While it is true that each implementation would have the additional overhead of the opaque nature of the underlying DBMS interface (and would thus not be able to take advantage of potential performance efficiencies gained by tight coupling), each derived DBMS (or view) would be equally native and act as a peer rather than a predefined stop in a pipeline. Thus, a business could run applications that used different data models concurrently (even within the same application), all of which run with similar and deterministic performance, scalability, and reliability characteristics.
Will this happen? It's difficult to imagine it happening rapidly. The relational model has been dominant for several Internet generations, and many database implementations are inextricable from the SQL/relational model. Likewise, many of the XML solutions are suffering from the growing pains that the relational database solutions went through a long time ago. However, as the need for efficient distributed data management grows both in numbers and in importance, it is likely that there will be a competitive advantage in having a solution such as this, regardless of how sophisticated the pipeline approach becomes. If that is the case, then we can rely on the axiom that computing nature abhors a competitive vacuum.

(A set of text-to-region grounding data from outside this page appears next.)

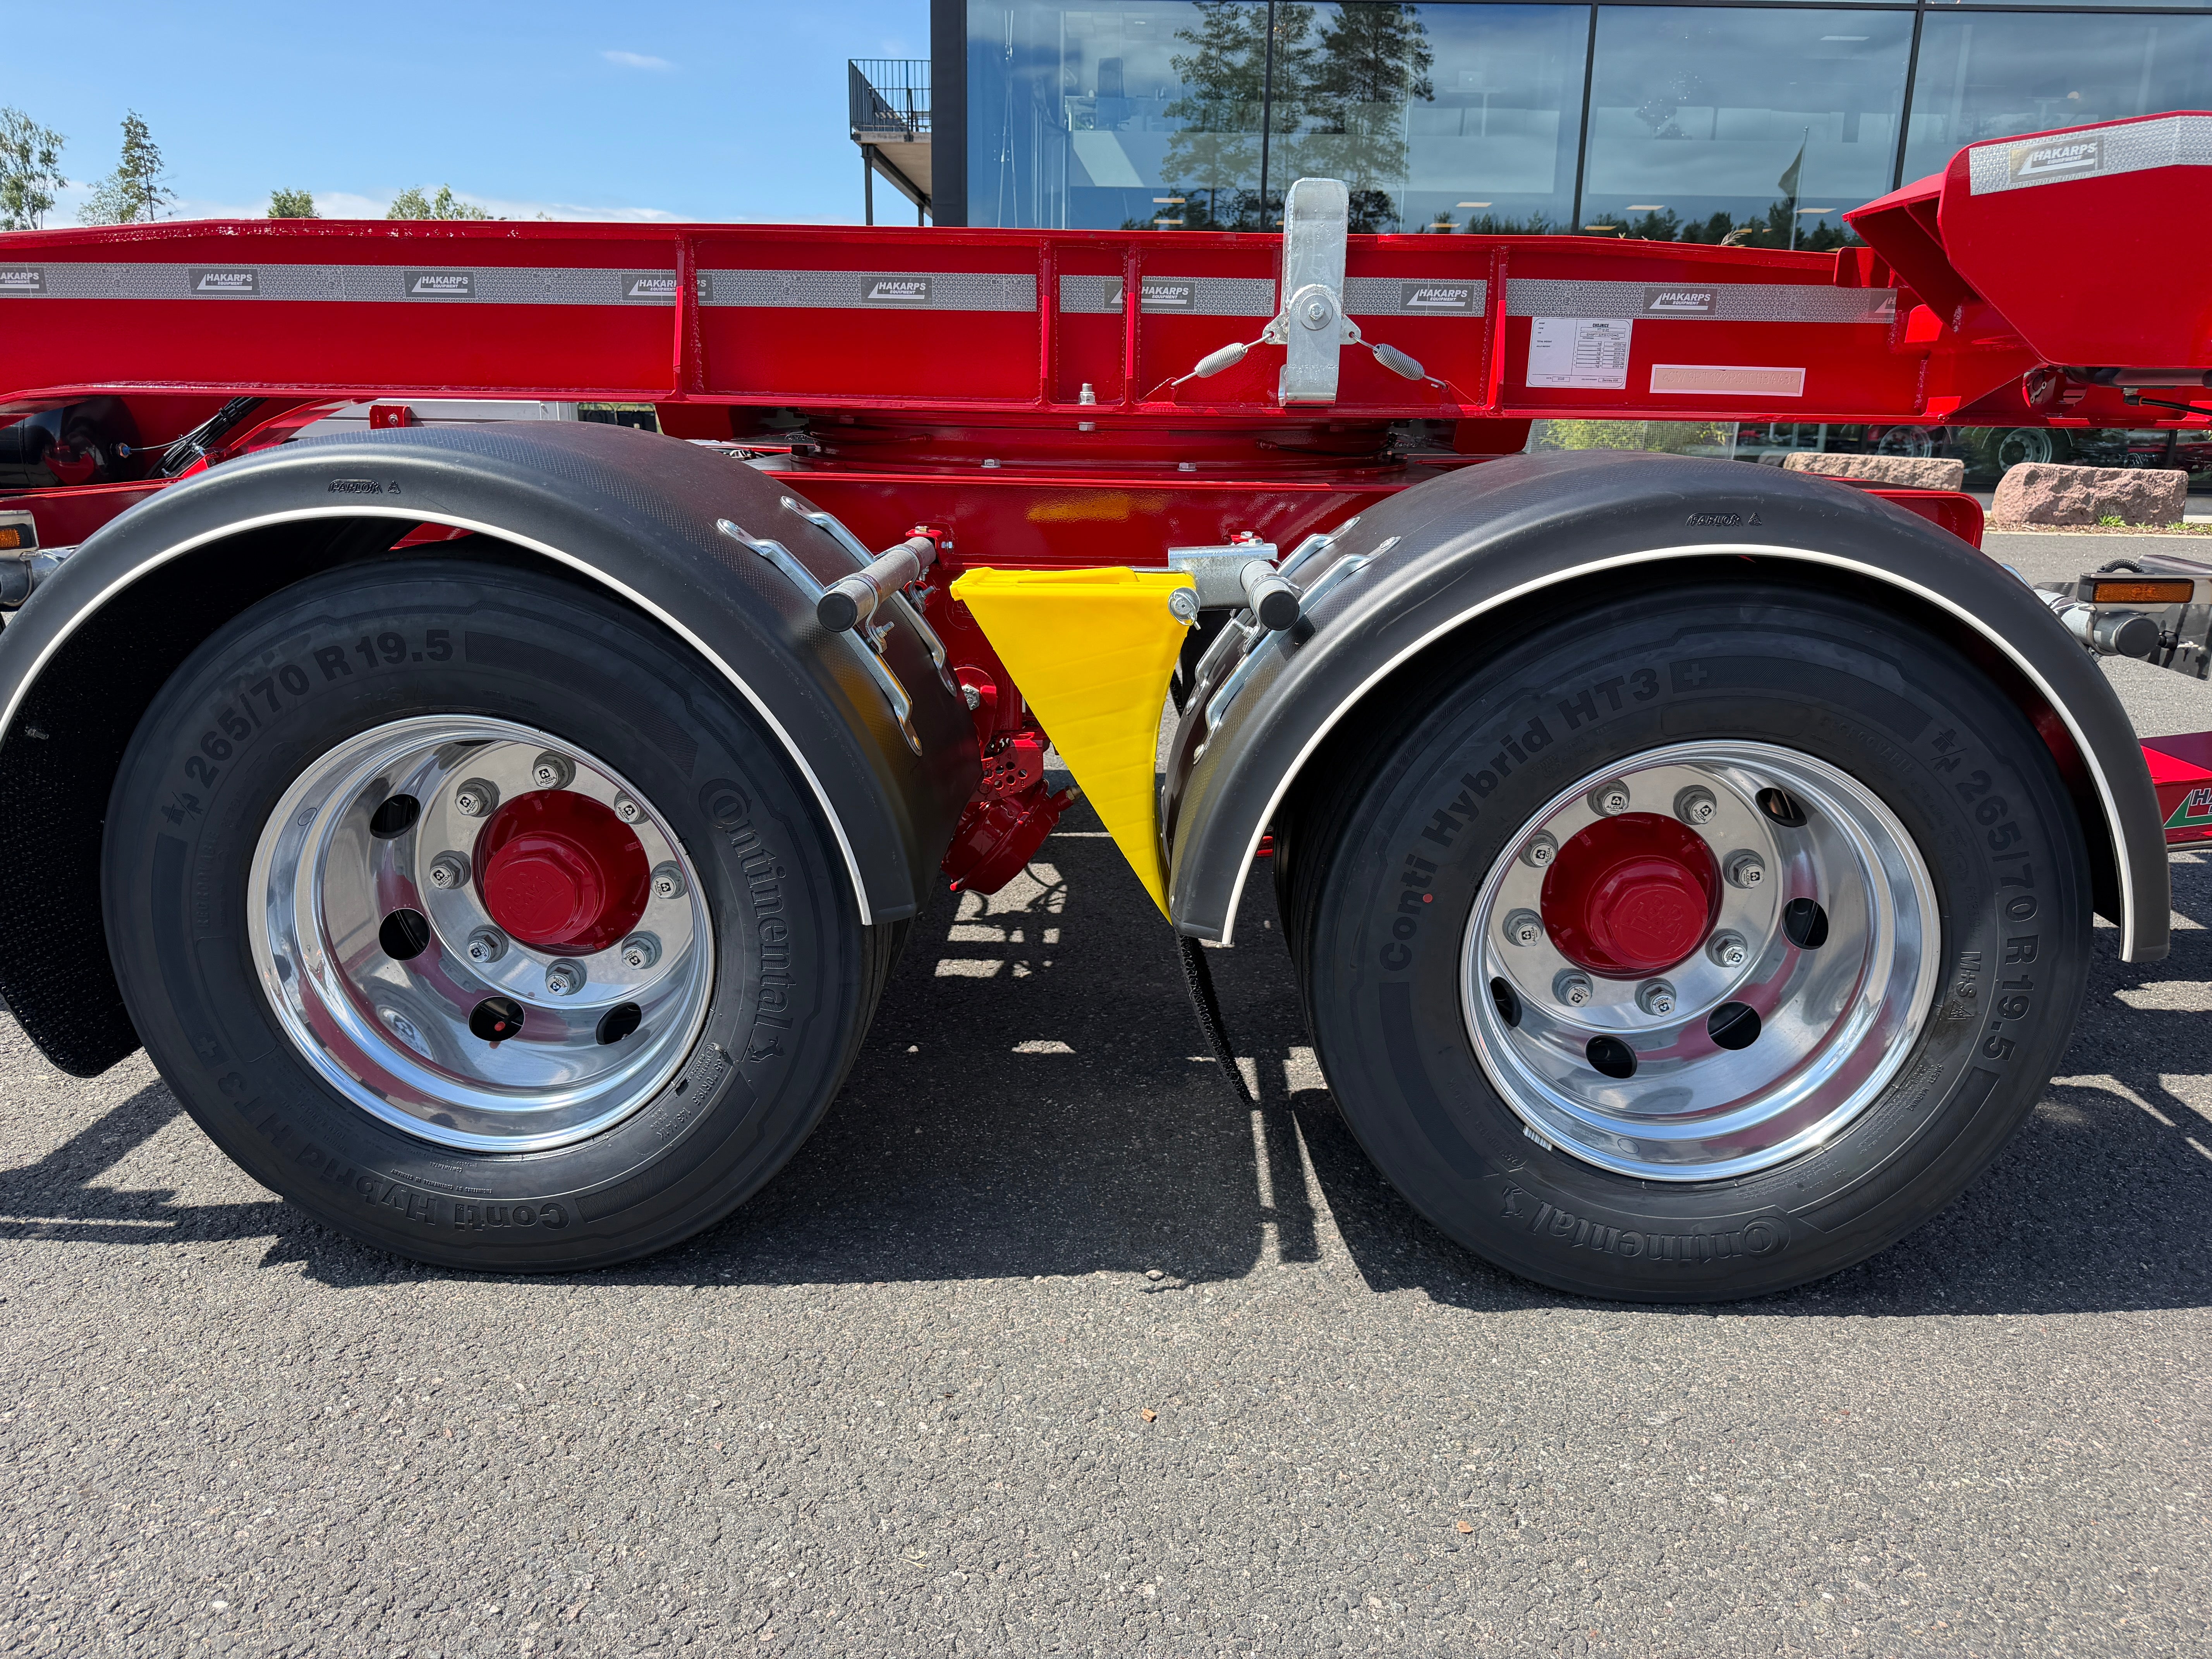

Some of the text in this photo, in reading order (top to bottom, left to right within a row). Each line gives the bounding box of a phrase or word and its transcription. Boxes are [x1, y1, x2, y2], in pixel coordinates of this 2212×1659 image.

[2032, 143, 2097, 161] HAKARPS
[422, 276, 468, 284] HAKARPS
[879, 282, 926, 290] HAKARPS
[1141, 287, 1189, 295] HAKARPS
[1419, 289, 1468, 298] HAKARPS
[1662, 293, 1711, 301] HAKARPS
[330, 483, 380, 493] PARLOK
[1689, 515, 1740, 526] PARLOK
[184, 629, 453, 788] 265/70 R 19.5
[466, 800, 478, 813] ALCOA
[618, 807, 629, 821] ALCOA
[1379, 853, 1438, 971] Conti
[1421, 716, 1554, 847] Hybrid
[1556, 668, 1659, 730] HT3
[1693, 809, 1706, 822] ALCOA
[438, 875, 451, 886] ALCOA
[699, 778, 796, 1030] Continental
[1955, 769, 2039, 1062] 265/70 R 19.5
[477, 942, 487, 957] ALCOA
[623, 950, 637, 960] ALCOA
[1956, 951, 1982, 998] M+S
[553, 975, 567, 988] ALCOA
[1574, 987, 1589, 997] ALCOA
[1652, 997, 1668, 1006] ALCOA
[1905, 1063, 1945, 1113] SAFETY WARNING
[218, 1072, 295, 1147] HT3
[429, 1161, 462, 1173] CONTINENTAL
[296, 1142, 438, 1226] Hybrid
[422, 1178, 453, 1190] CONTINENTAL
[455, 1202, 570, 1231] Conti
[1525, 1200, 1791, 1263] Continental

Organizations have a great deal of investment in their infrastructure incorporating ISAM and relational models. There are a number of competitive advantages that can be gained by distributed computing (such as web services), and the common language of distributed computing is XML. The problem is that the XML model makes different assumptions about data than the ISAM and relational models. The result is that businesses are now tasked with adapting existing infrastructure to a new, incompatible data model more quickly than ever before.
There are several ways to accomplish this, but each has drawbacks. Some of these drawbacks are more likely than others to only show up as the system scales outward; other drawbacks are more obvious. Therefore, it is essential that the integration of distributed data not merely coast along the path of least resistance, but that it proceed in the manner best suited to the needs of the business.

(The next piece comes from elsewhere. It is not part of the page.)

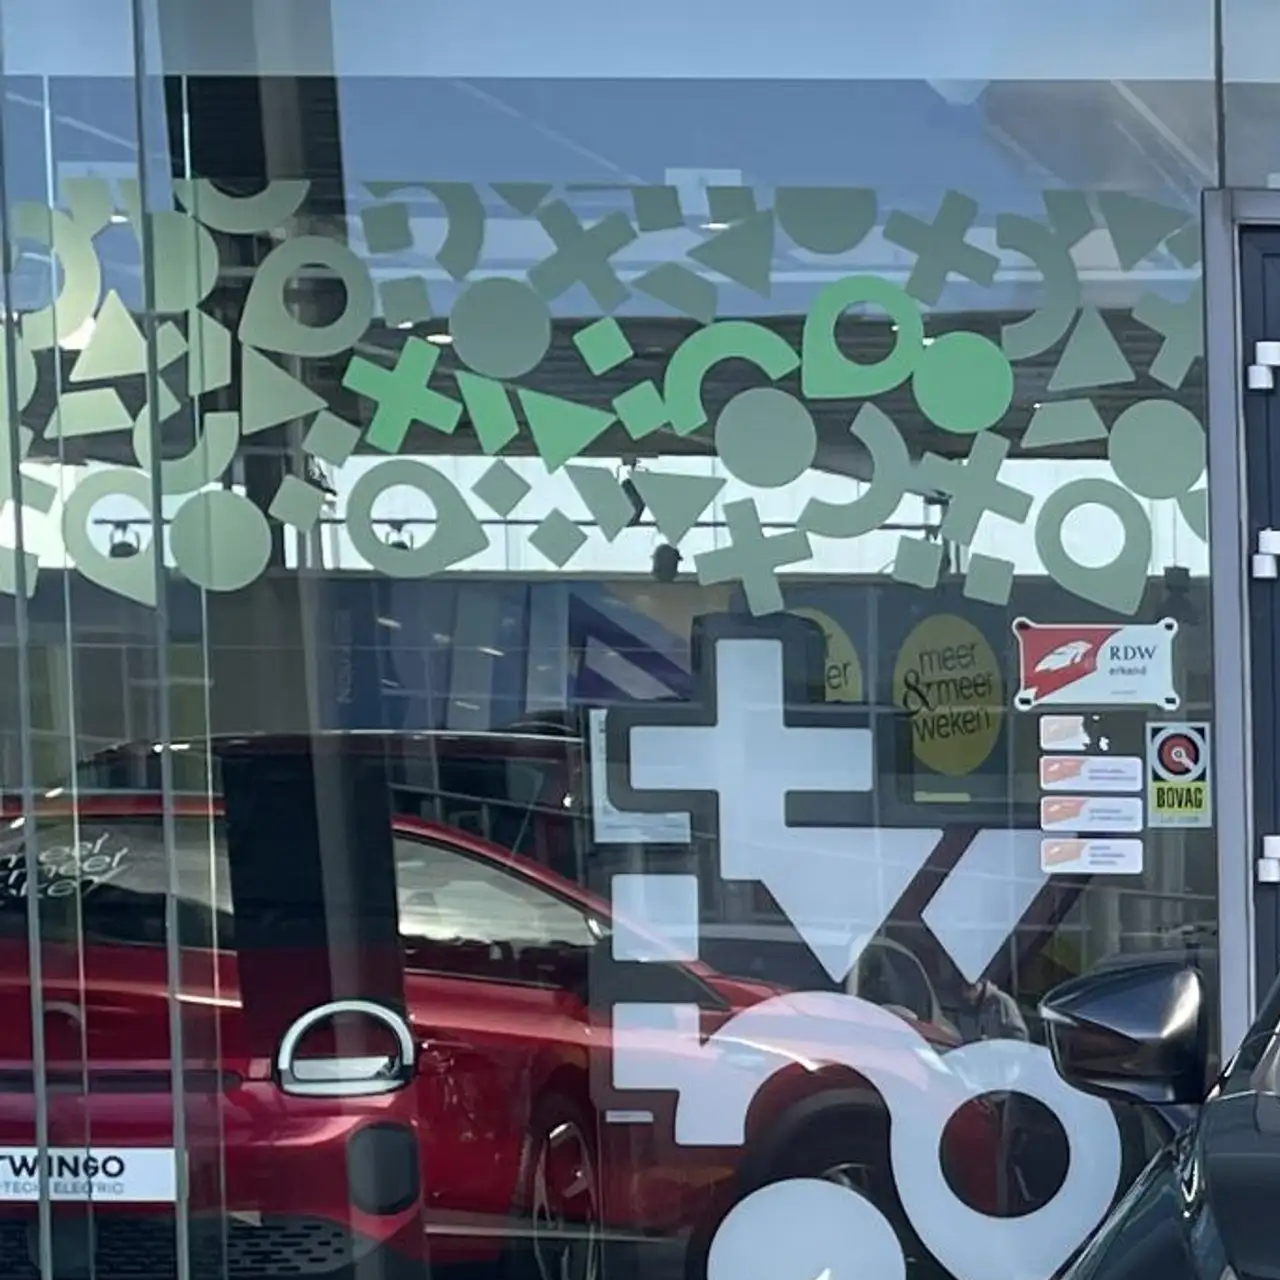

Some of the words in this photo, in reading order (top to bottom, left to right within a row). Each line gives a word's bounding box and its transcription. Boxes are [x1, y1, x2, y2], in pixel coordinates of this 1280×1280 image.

There are several possible futures. As unlikely as it seems, distributed computing may turn out to be a fad. One particular mechanism of model adaptation may improve to the point where it satisfactorily addresses the needs of most businesses. One of the models may evolve to accept the assumptions of the other models, making it the reference model. On the other hand, the importance of distributed computing may simply force businesses to accept the cost of inefficient data transformation. An ideal solution is a DBMS that can apply the constraints of any particular model to the underlying data, allowing existing infrastructure to perform at current levels while providing native and natural support for new models as needed.